■ GIVEN RECORDS
━━━━━━
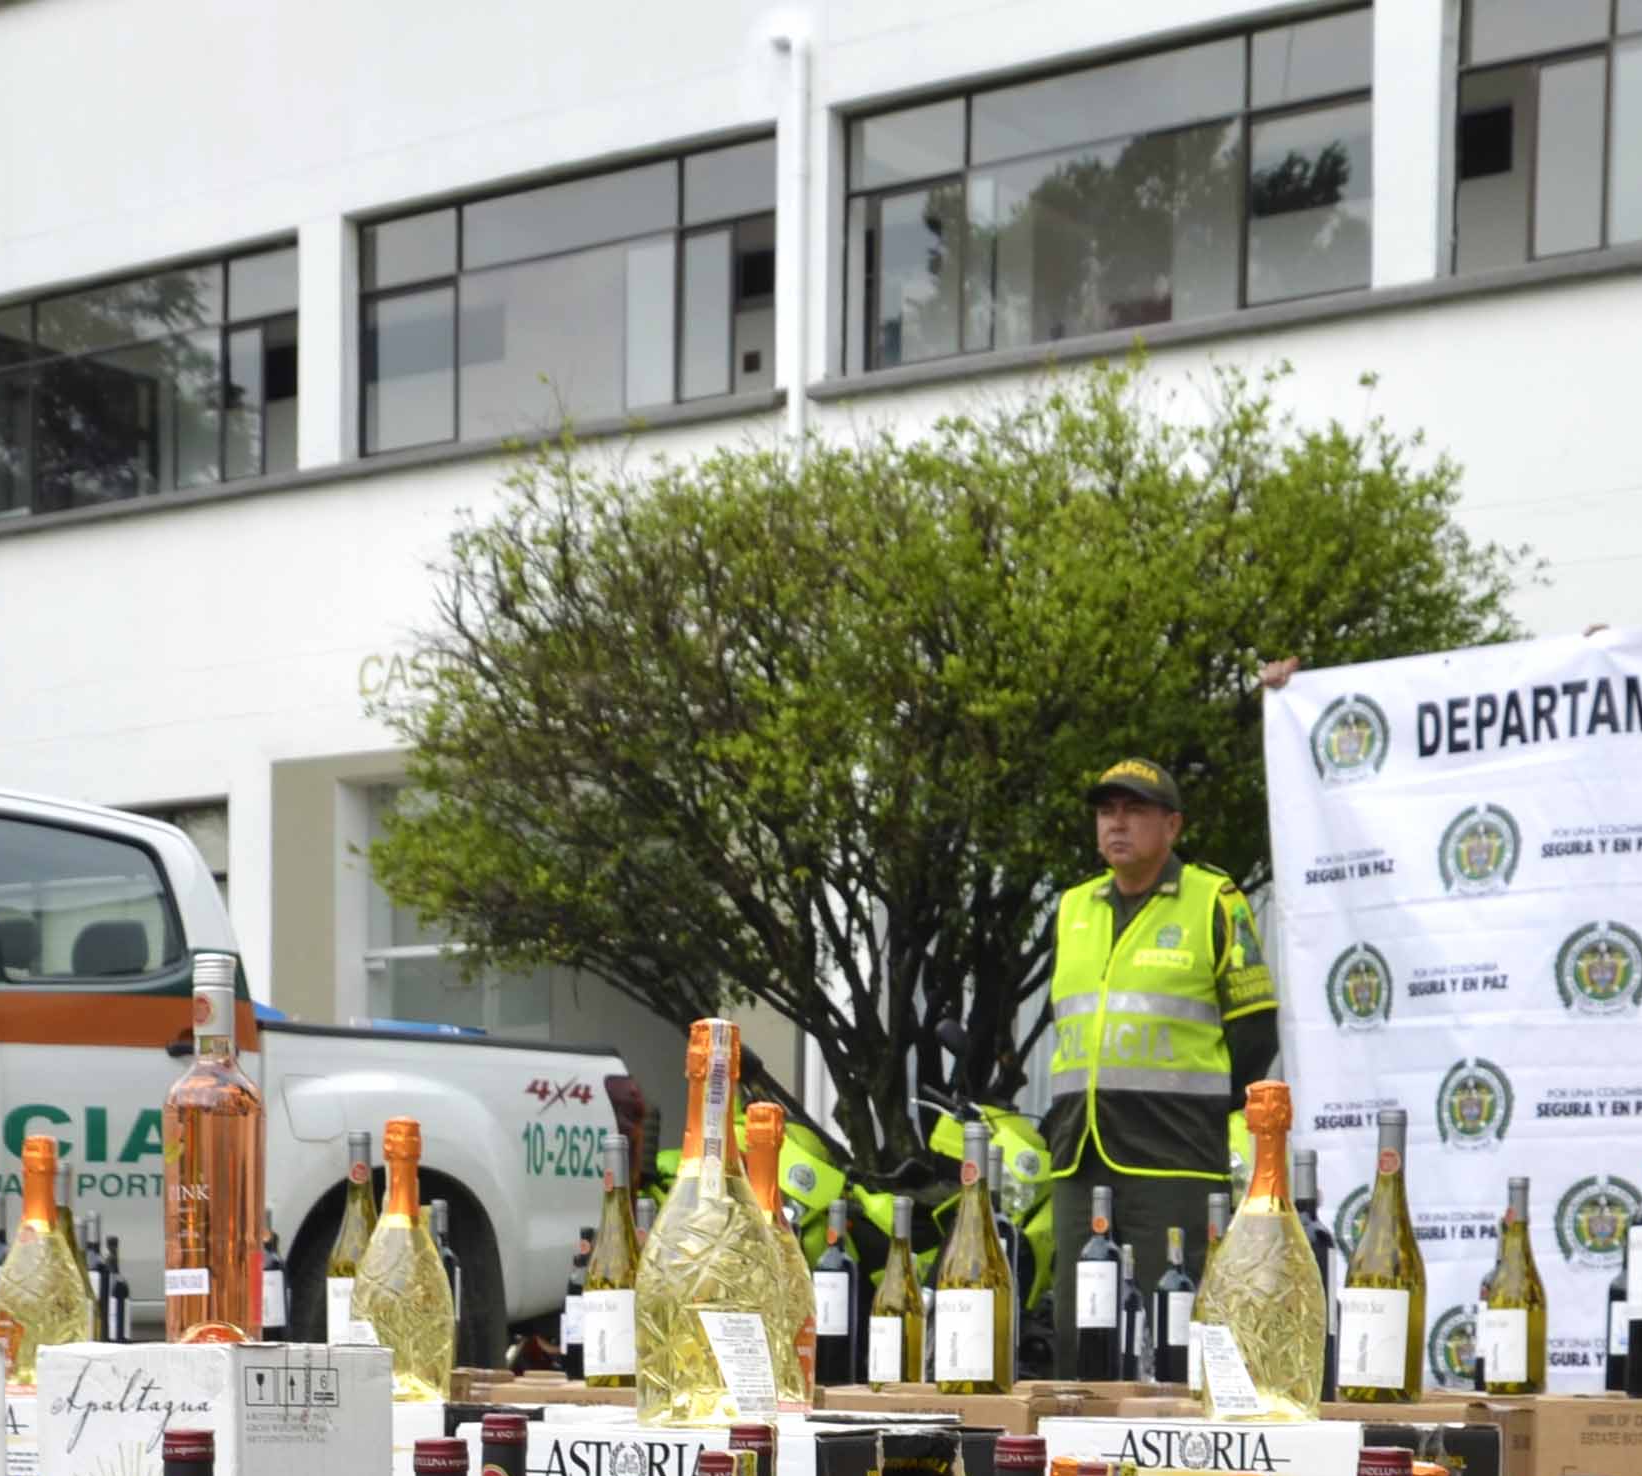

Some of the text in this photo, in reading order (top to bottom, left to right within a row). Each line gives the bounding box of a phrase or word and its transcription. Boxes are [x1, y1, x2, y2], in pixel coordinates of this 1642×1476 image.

[1541, 839, 1595, 859] SEGURA
[1598, 839, 1608, 854] Y
[1614, 837, 1632, 853] EN
[1537, 1101, 1593, 1119] SEGURA
[1598, 1101, 1608, 1115] Y
[1611, 1100, 1633, 1115] EN
[1101, 1429, 1291, 1471] ASTORIA
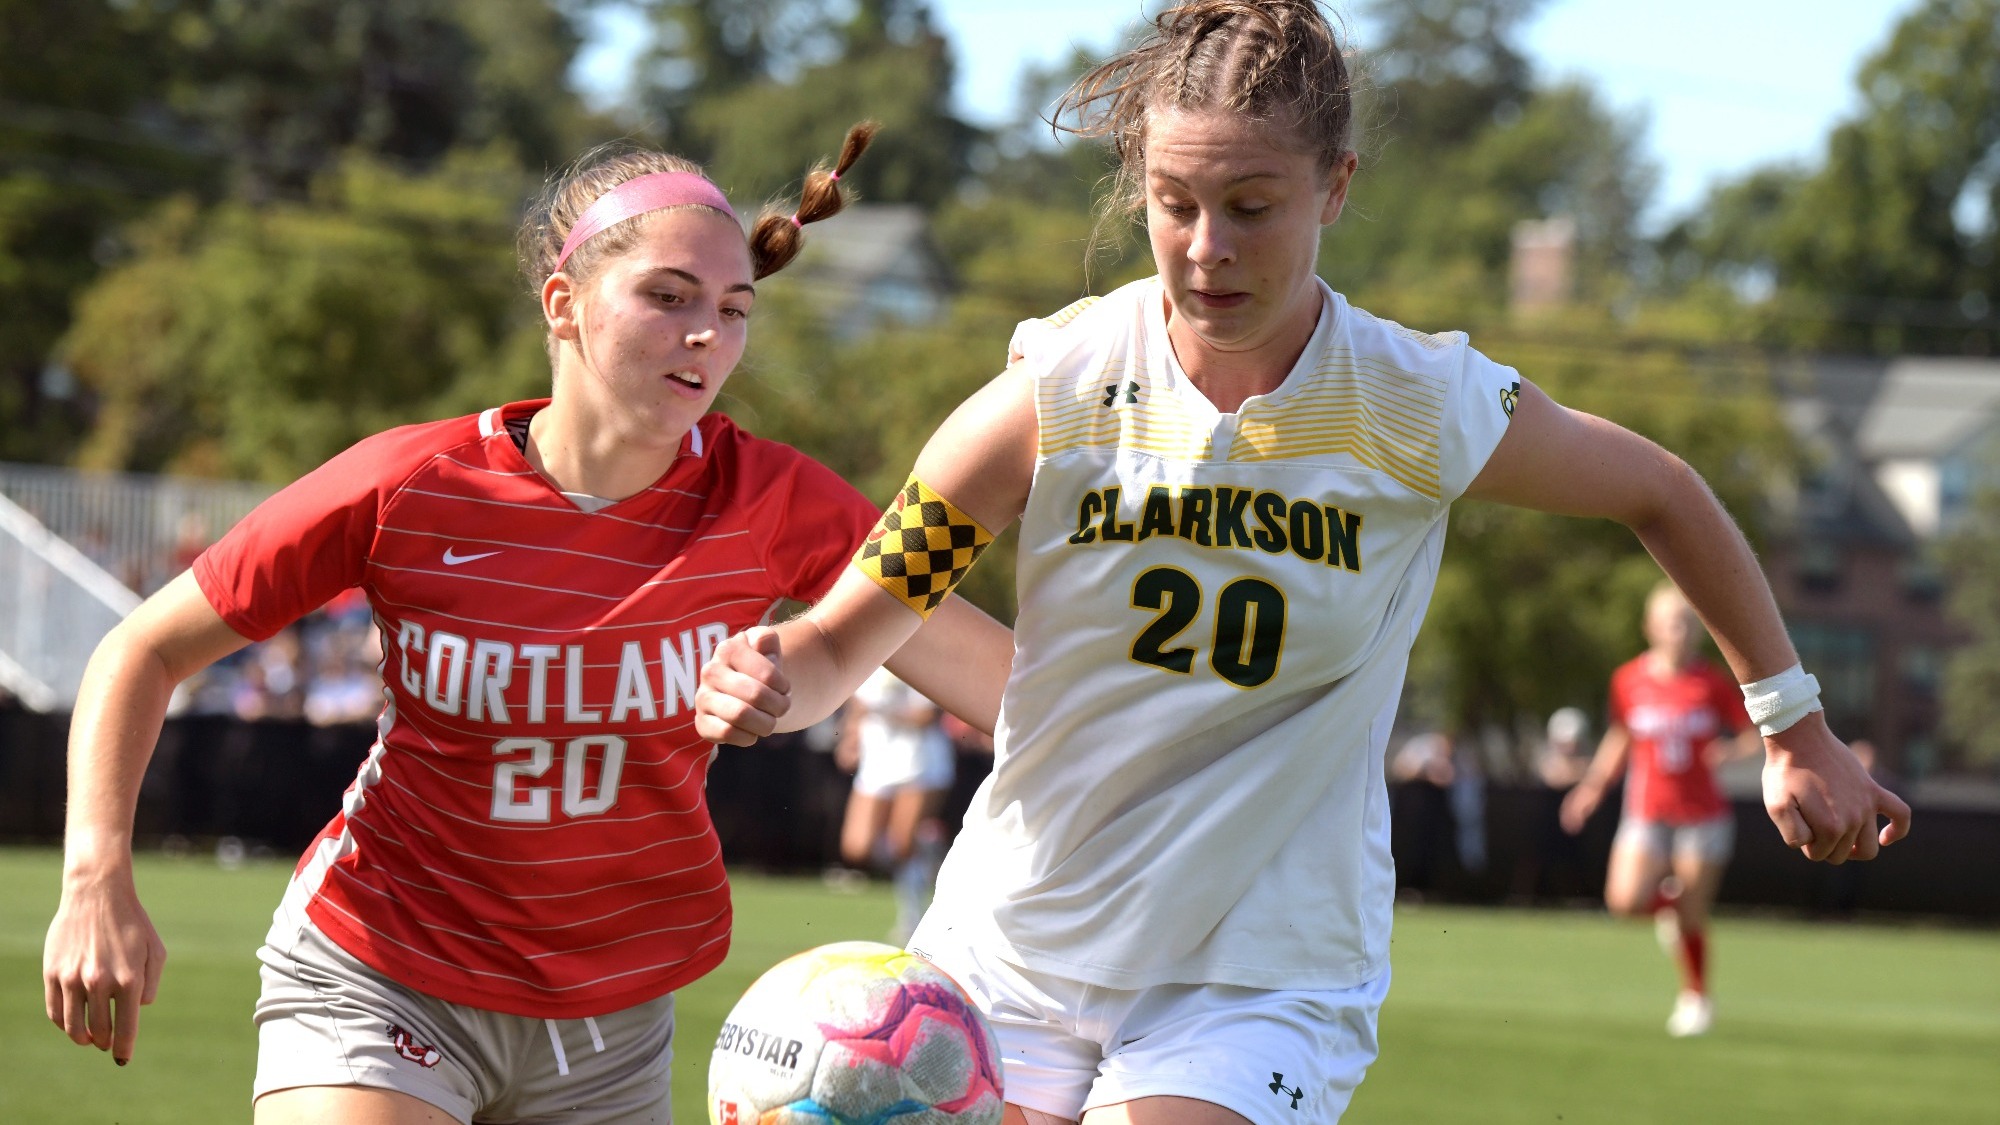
━━━━━━
■ REQUIRED ACTION
Return the records above verbatim, images excluded.

■ RESULT FOR THIS TASK
Some of the text in this photo, in reading order (top to bottom, left to right within a row). Each line gives the bounding box of a phrase or word and its transcription. Boxes are [x1, y1, x2, y2], in pixel coordinates of this 1642×1476 image.

[1541, 839, 1595, 859] SEGURA
[1598, 839, 1608, 854] Y
[1614, 837, 1632, 853] EN
[1537, 1101, 1593, 1119] SEGURA
[1598, 1101, 1608, 1115] Y
[1611, 1100, 1633, 1115] EN
[1101, 1429, 1291, 1471] ASTORIA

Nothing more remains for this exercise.